Load Checks Configuration

Load checks are the special type of checks that are distinguished from other checks as they are applied not to results of metrics computation but to sources metadata. Other key feature of load checks is that they are run prior actual data loading from the sources what is possible due Spark lazy evaluation mechanisms: sources are, essentially, Spark dataframes and load checks are used to verify their metadata.

Load checks are defined in loadChecks section of job configuration and have following common parameters:

id - Required. Load check ID;
description - Optional. Load check description;
source - Required. Reference to a source ID which metadata is being checked;
metadata - Optional. List of user-defined metadata parameters specific to this load check where each parameter is a string in format: param.name=param.value.

Currently, supported load checks are described below as well as configuration parameters specific to them.

Minimum Column Number Check

This check is used to verify if number of columns in the source is equal to or greater than specified number. Load checks of this type are configured in the minColumnNum subsection of the loadChecks section. In addition to common parameters, following parameters should be specified:

option - Required. Minimum number of columns that checked source must contain.

Exact Column Number Check

This check is used to verify if number of columns in the source is exactly equal to specified number. Load checks of this type are configured in the exactColumnNum subsection of the loadChecks section. In addition to common parameters, following parameters should be specified:

option - Required. Required number of columns that checked source must contain.

Columns Existence Check

This check is used to verify if source contains columns with required names. Load checks of this type are configured in the columnsExist subsection of the loadChecks section. In addition to common parameters, following parameters should be specified:

columns - Required. List of column names that must exists in checked source.

Schema Match Check

This check is used to verify if source schema matches predefined reference schema. Reference schema must be defined in schemas section of configuration files as described in Schemas Configuration chapter. Load checks of this type are configured in the schemaMatch subsection of the loadChecks section. In addition to common parameters, following parameters should be specified:

schema - Required. Reference Schema ID which should be used for comparison with source schema.
ignoreOrder - Optional, default is false. Boolean parameter indicating whether columns order should be ignored during comparison of the schemas.

Load Checks Configuration Example

As it is shown in the example below, load checks of the same type are grouped within subsections named after the type of the load check.
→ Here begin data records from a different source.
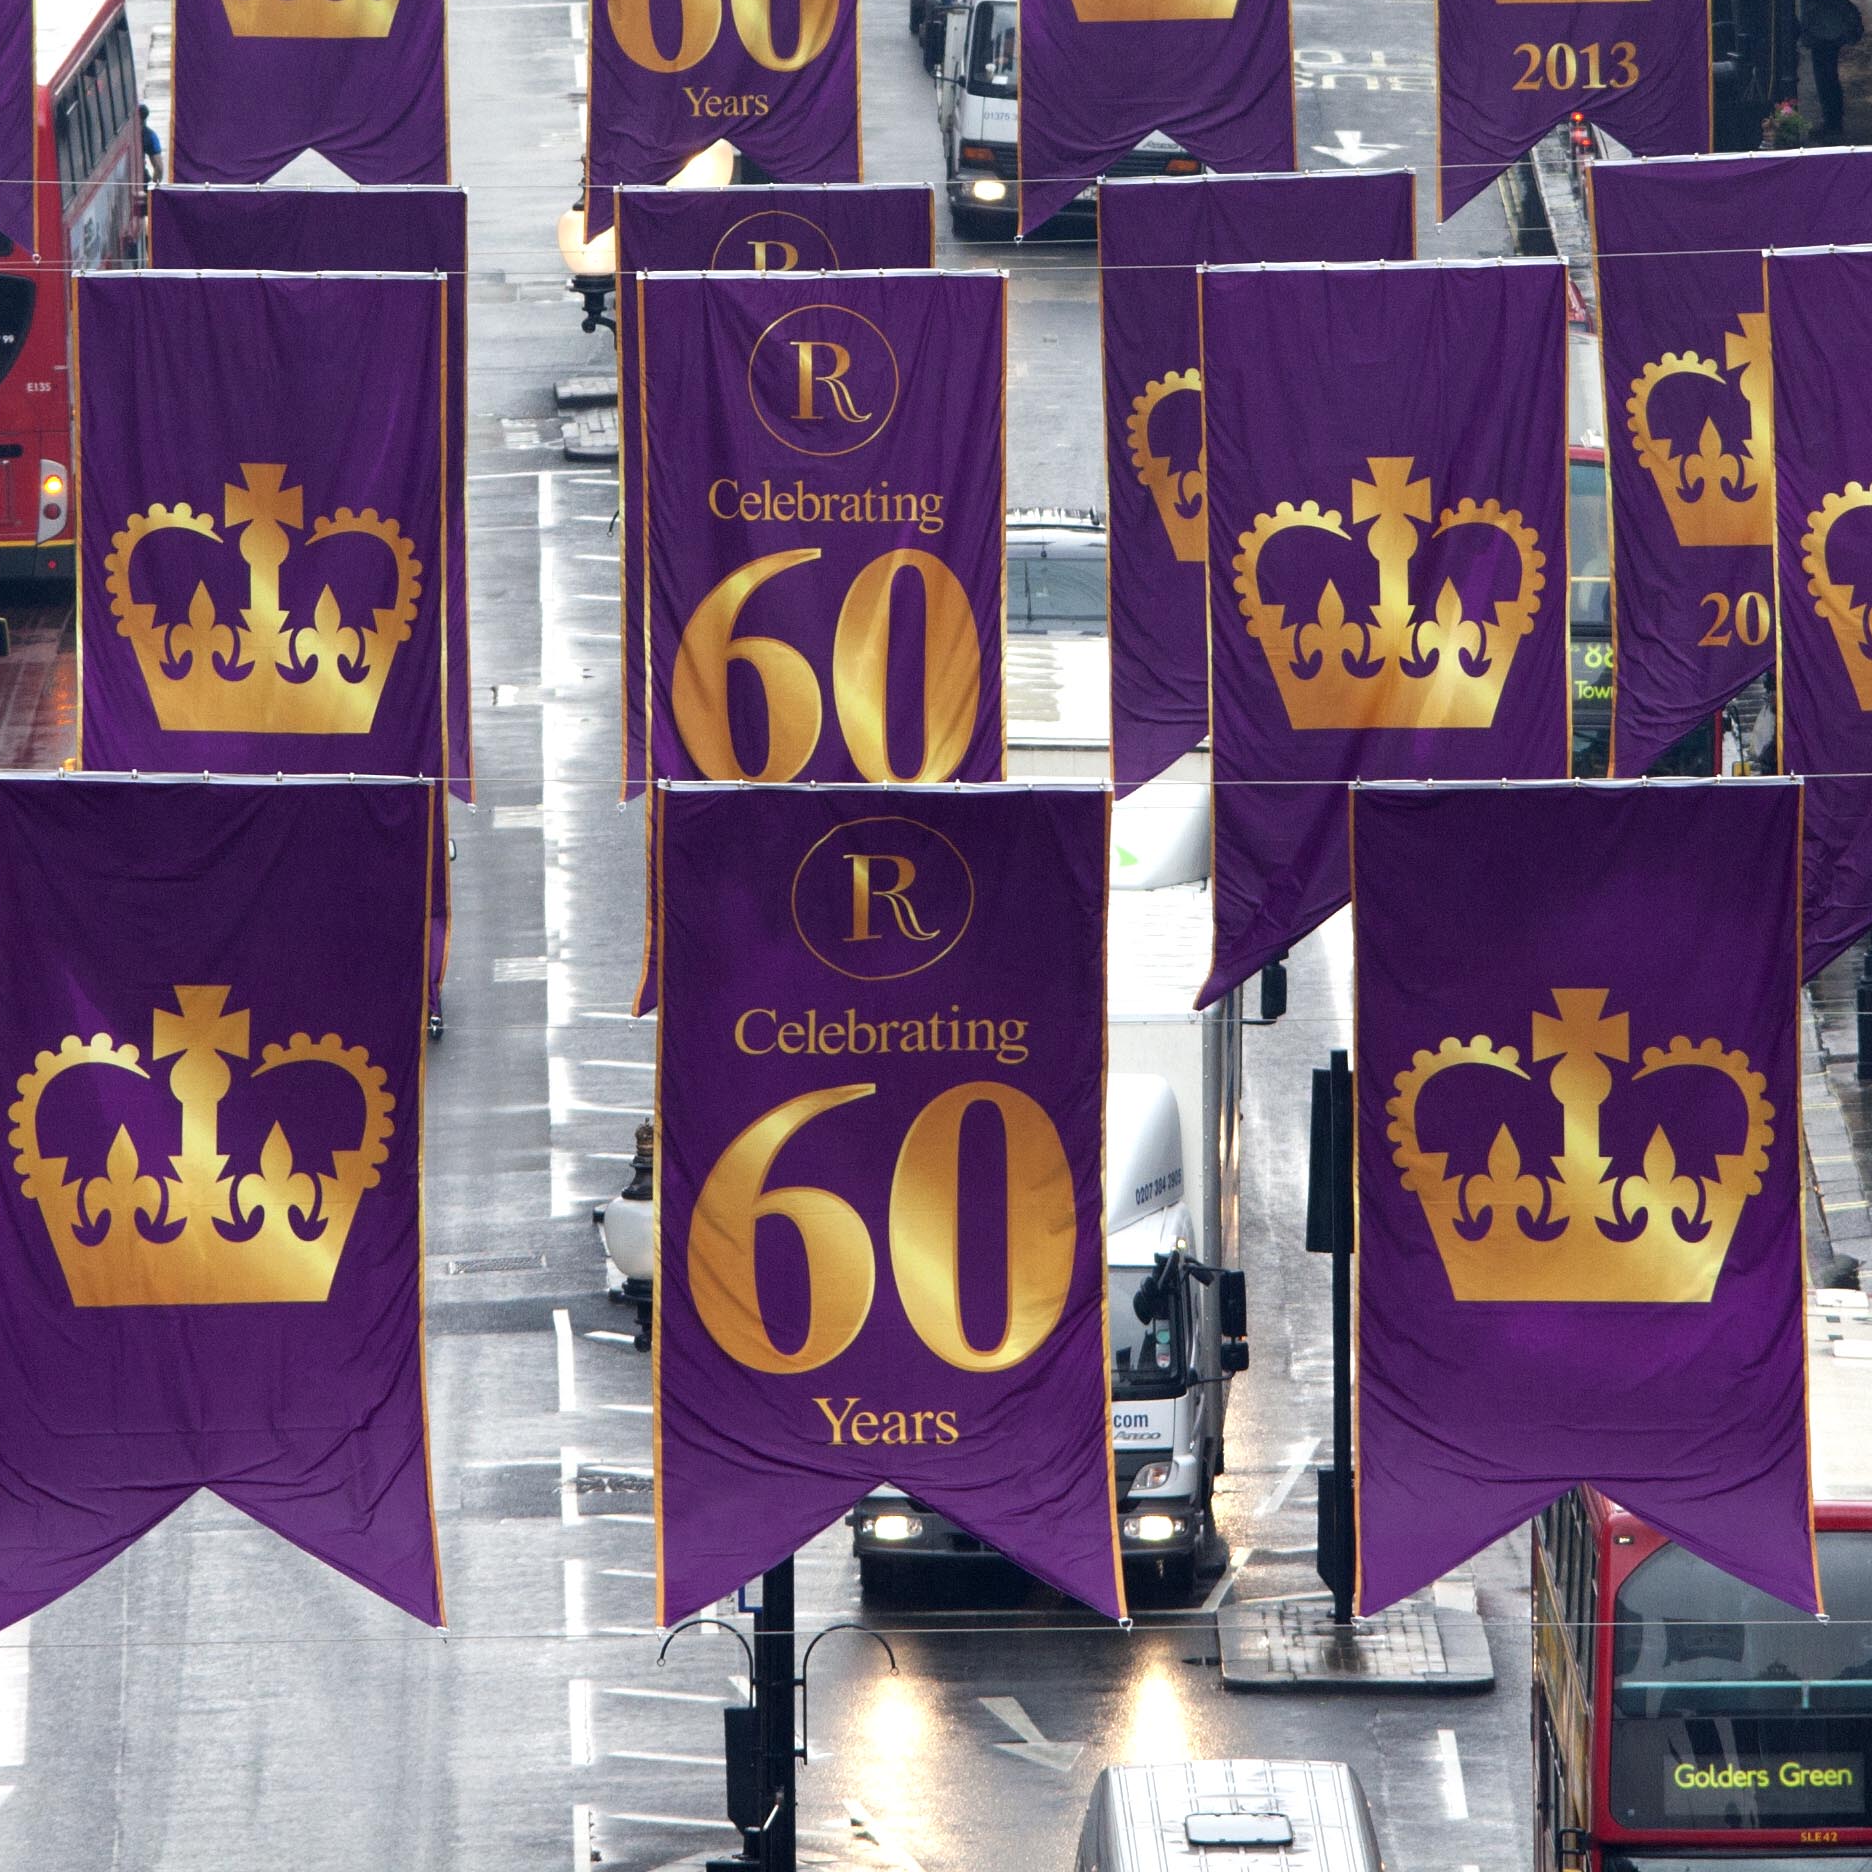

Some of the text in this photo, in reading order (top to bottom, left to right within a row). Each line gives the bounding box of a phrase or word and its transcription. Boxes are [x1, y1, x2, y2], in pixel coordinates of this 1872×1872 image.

[1514, 42, 1639, 90] 2013
[684, 87, 769, 117] Years
[790, 340, 871, 423] R
[708, 480, 943, 534] Celebrating
[1700, 592, 1769, 645] 20
[672, 548, 980, 780] 60
[842, 853, 940, 942] R
[734, 1005, 1028, 1064] Celebrating
[687, 1081, 1076, 1373] 60
[815, 1397, 959, 1445] Years
[1674, 1761, 1853, 1789] Golders Green
[1800, 1831, 1839, 1843] SLE42
These subsections should contain a list of load checks configurations of the corresponding type.

jobConfig: {
  loadChecks: {
    minColumnNum: [
      {id: "load_check_1", source: "kafka_source", option: 2}
    ]
    exactColumnNum: [
      {
        id: "load_check_2", 
        description: "Checking that source has exactly required number of columns", 
        source: "hdfs_delimited_source", option: 3
        metadata: [
          "critical.loadcheck=true"
        ]
      }
    ]
    columnsExist: [
      {id: "loadCheck3", source: "sqlVS", columns: ["id", "name", "entity", "description"]},
      {id: "load_check_4", source: "hdfs_delimited_source", columns: ["id", "name", "value"]}
    ]
    schemaMatch: [
      {id: "load_check_5", source: "kafka_source", schema: "hive_schema"}
    ]
  }
}